RNNs introduce an internal hidden state ( h_t ) that carries information from previous time steps, enabling memory and temporal dependency modeling.
The hidden state is updated recurrently:

[ h_t = f(W_{xh} x_t + W_{hh} h_{t-1}) ]

Output at each time step depends on both current input and hidden state.
RNNs can be visualized as cyclic graphs or unrolled over time steps.

3. Training RNNs

Loss is computed at each time step and summed over the sequence.
Backpropagation Through Time (BPTT) propagates gradients through the unrolled network.
Challenges include:
- Vanishing gradients (gradients shrink exponentially).
- Exploding gradients (gradients grow exponentially).
These issues make it difficult for RNNs to learn long-term dependencies.

4. Improvements to RNNs: LSTMs

Long Short-Term Memory (LSTM) networks add gating mechanisms to control information flow.
They help mitigate vanishing/exploding gradient problems and better capture long-term dependencies.

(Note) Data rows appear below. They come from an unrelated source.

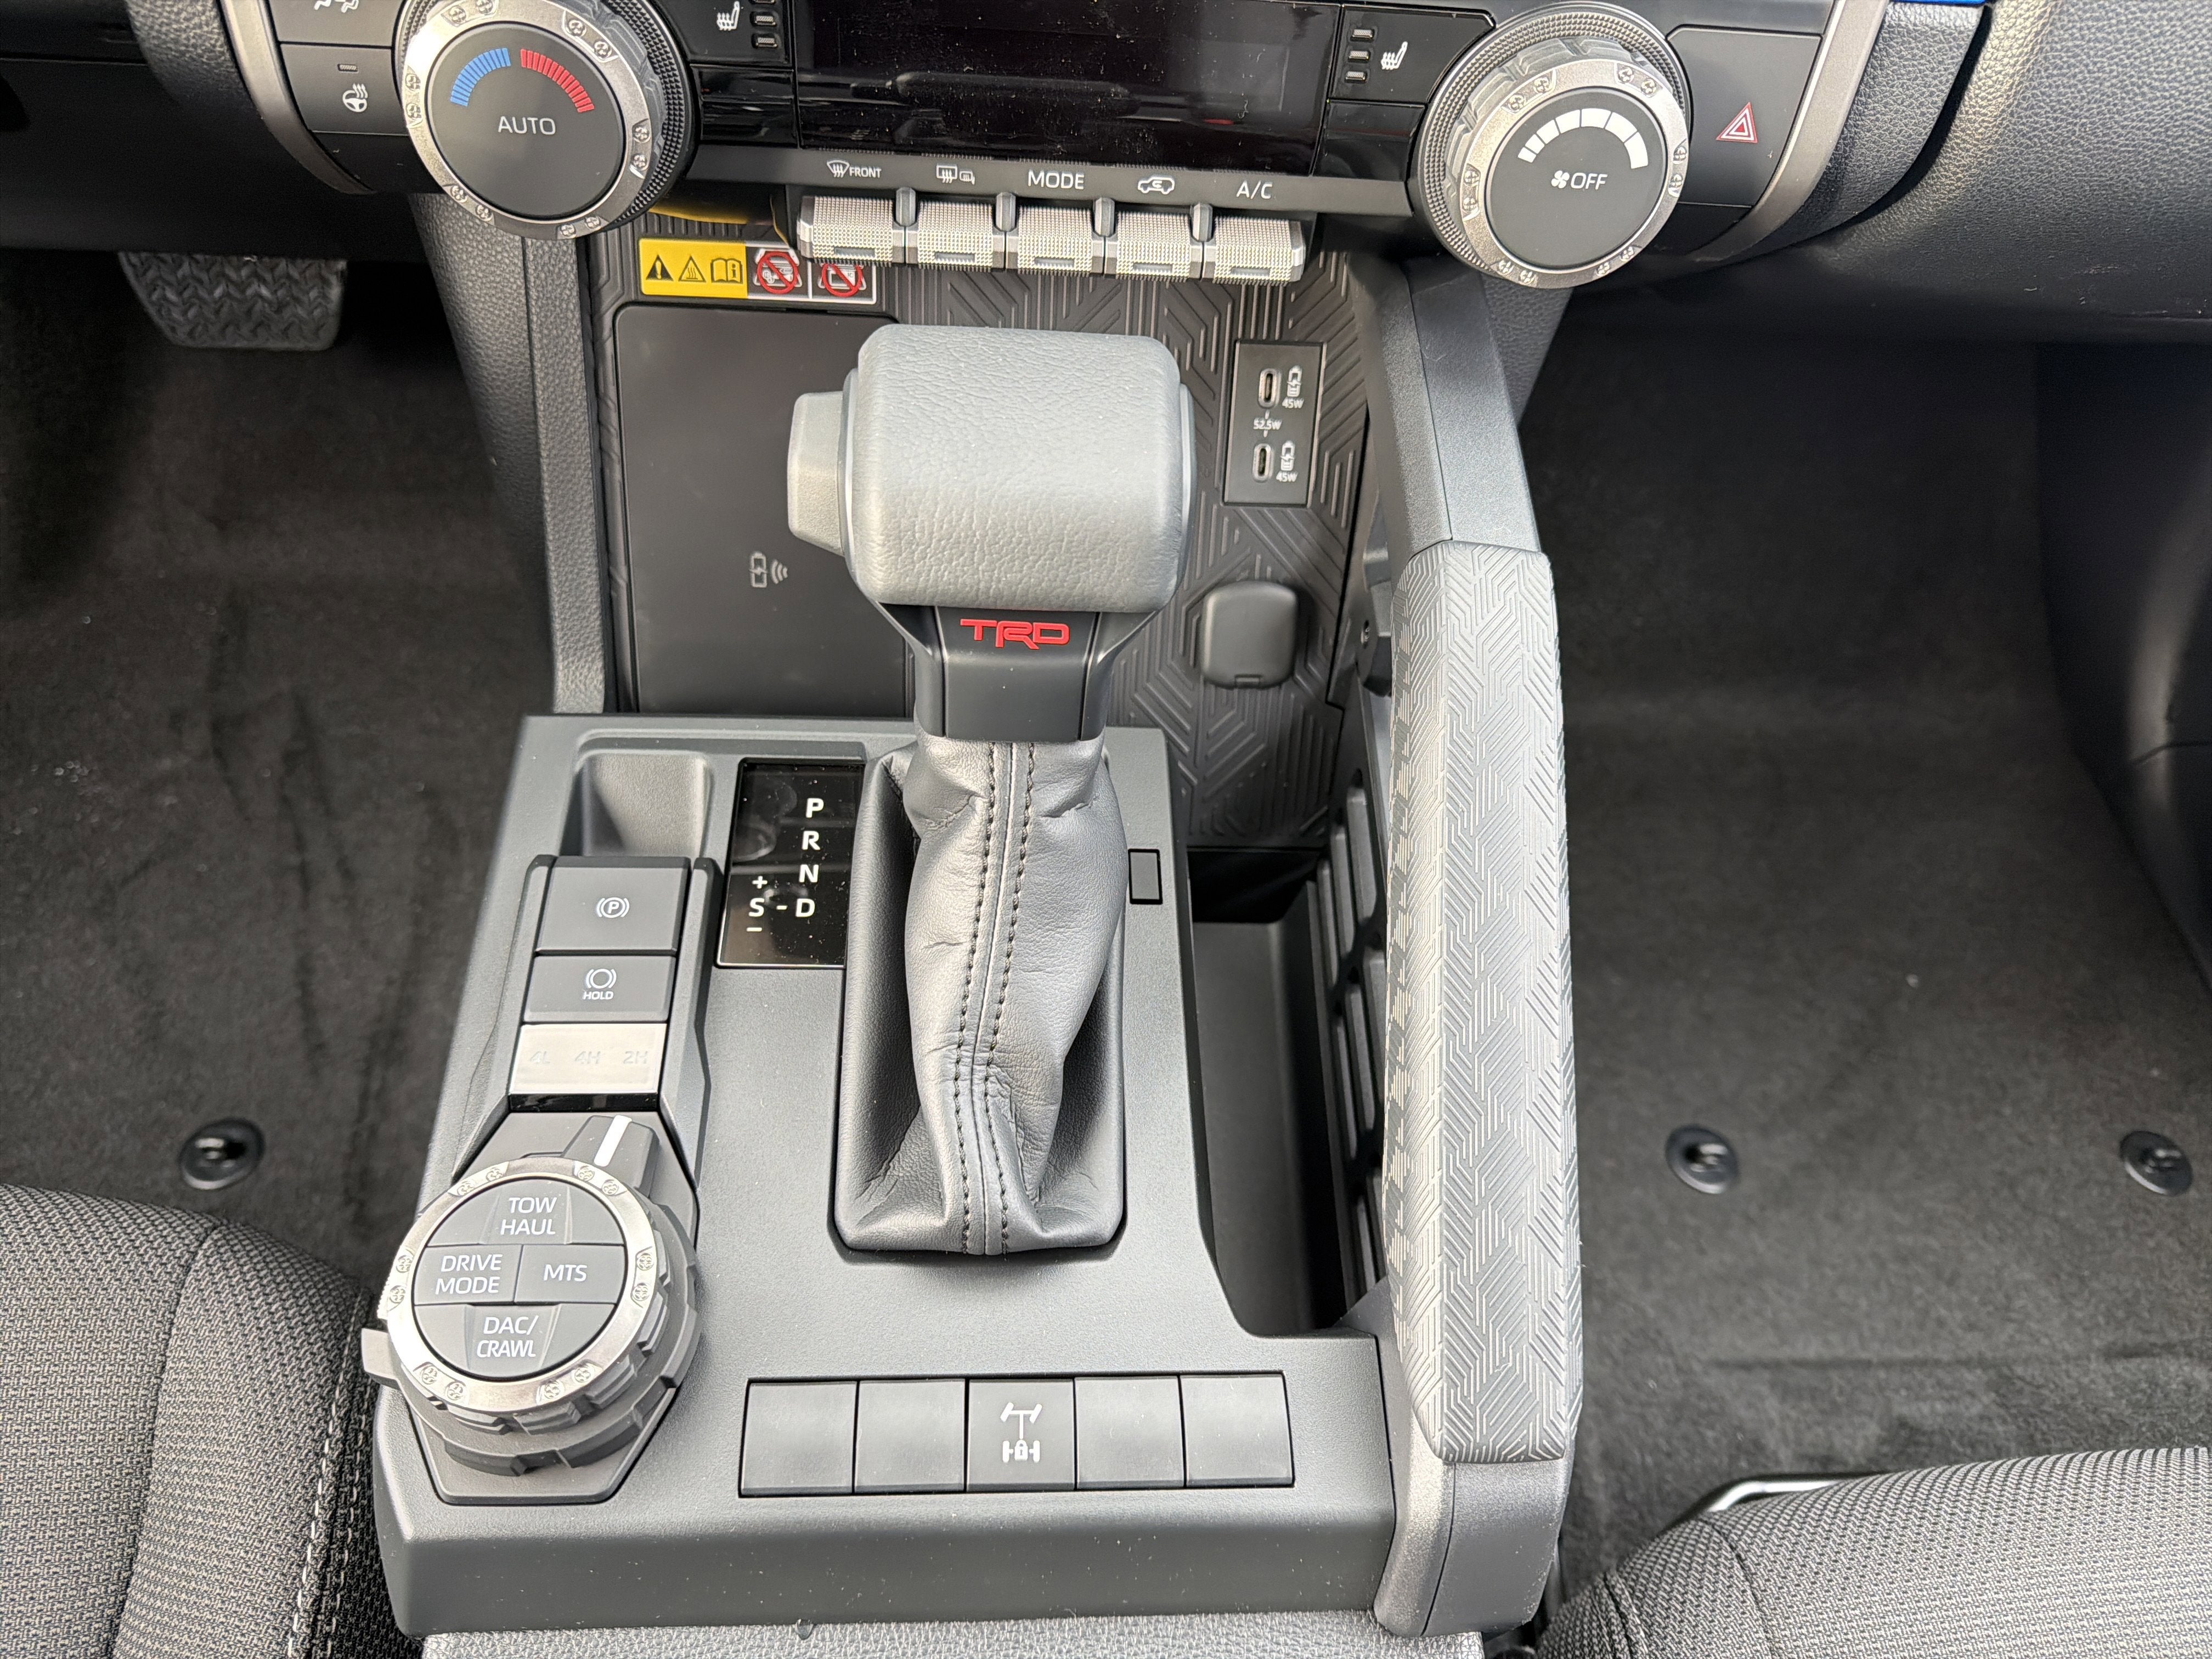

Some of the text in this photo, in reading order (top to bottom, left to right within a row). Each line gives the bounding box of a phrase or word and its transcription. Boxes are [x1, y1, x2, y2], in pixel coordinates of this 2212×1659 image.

[498, 116, 556, 136] AUTO
[849, 166, 882, 178] FRONT
[1028, 170, 1085, 190] MODE
[1571, 172, 1608, 190] OFF
[1236, 181, 1272, 199] A/C
[1282, 397, 1304, 409] 45W
[1253, 417, 1282, 431] 52.5W
[1276, 472, 1298, 482] 45W
[960, 619, 1070, 650] TRD
[805, 798, 824, 818] P
[802, 831, 821, 850] R
[799, 864, 819, 883] N
[748, 898, 765, 918] S
[795, 899, 815, 917] D
[584, 991, 614, 1000] HOLD
[529, 1051, 648, 1064] 4L 4H 2H
[508, 1197, 557, 1213] TOW
[500, 1219, 556, 1235] HAUL
[440, 1254, 503, 1272] DRIVE
[543, 1265, 588, 1282] MTS
[436, 1277, 500, 1294] MODE
[483, 1316, 539, 1334] DAC/
[476, 1340, 537, 1357] CRAWL

5. Practical Example: Language Modeling

Task: Predict the next word in a sentence given previous words.
Words must be vectorized (numericalized) before feeding into neural networks.
Common vectorization methods:
- One-hot encoding: Sparse vectors with a single 1 at the word index.
- Learned embeddings: Dense, lower-dimensional vectors learned during training.
Sequence length variability and long-range dependencies make modeling challenging.

6. Limitations of RNNs

Fixed-size hidden state limits information capacity (bottleneck).
Sequential processing limits parallelization and efficiency.
Difficulty in capturing very long-range dependencies.

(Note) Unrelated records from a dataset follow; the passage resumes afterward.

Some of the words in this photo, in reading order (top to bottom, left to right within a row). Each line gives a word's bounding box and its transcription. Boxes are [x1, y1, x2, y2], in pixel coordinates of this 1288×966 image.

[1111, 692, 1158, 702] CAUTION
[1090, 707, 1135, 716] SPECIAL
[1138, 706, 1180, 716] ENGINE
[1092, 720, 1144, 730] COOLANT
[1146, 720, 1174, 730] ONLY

7. Introduction to Attention and Transformers

Can we model sequences without step-by-step recurrence?
Naive approach: Concatenate all inputs and feed to a feedforward network—loses order and is inefficient.
Attention mechanism enables models to “attend” to important parts of the input sequence dynamically.
Inspired by human selective attention and search:
- Query: What we want to find.
- Keys: Descriptors of data elements.
- Values: Data elements associated with keys.
Attention computes similarity (via dot product) between queries and keys, applies softmax to get weights, and uses these weights to combine values.
This allows the model to relate different parts of the sequence regardless of their distance.
Transformers use multi-head self-attention to capture diverse relationships simultaneously.
Positional embeddings encode order information since attention alone is order-agnostic.

8. Applications and Extensions

Transformers have revolutionized natural language processing (e.g., GPT, ChatGPT).
Extended to other domains:
- Biological sequence analysis.
- Vision Transformers (ViT) for image processing.
Students will get hands-on experience with RNNs and Transformers in course labs.

Methodology / Instructions Highlighted

Building an RNN from Scratch (Pseudo-code Outline)

Initialize hidden state ( h_0 = 0 ).
For each input in the sequence:
- Update hidden state using current input and previous hidden state.
- Generate output prediction from hidden state.
Use predictions to compute loss at each time step.
Train using backpropagation through time.

Vectorizing Text Input

Define a fixed vocabulary.
Map each word to an index.
Convert indices to one-hot vectors or embeddings.

Attention Mechanism Steps

Compute query, key, and value matrices from input embeddings.
Calculate dot product similarity between queries and keys.
Scale and apply softmax to get attention weights.
Multiply attention weights by values to get weighted output features.

Training RNNs

Compute loss at each time step.
Sum losses over the sequence.
Backpropagate errors through time steps (BPTT).

Speakers / Sources Featured

Ava – Primary lecturer presenting the material.
Alexander – Instructor of lecture 1 and contributor to foundational concepts.
John Werner – Host of the in-person reception mentioned at the end.
Startup example – A company that trained a neural network on classical music to complete Schubert’s unfinished symphony (unnamed).

This lecture builds a solid conceptual and practical foundation for understanding sequence modeling, starting from simple feedforward networks, progressing through RNNs and LSTMs, and culminating in the modern attention-based Transformer architecture that underpins today’s state-of-the-art language models.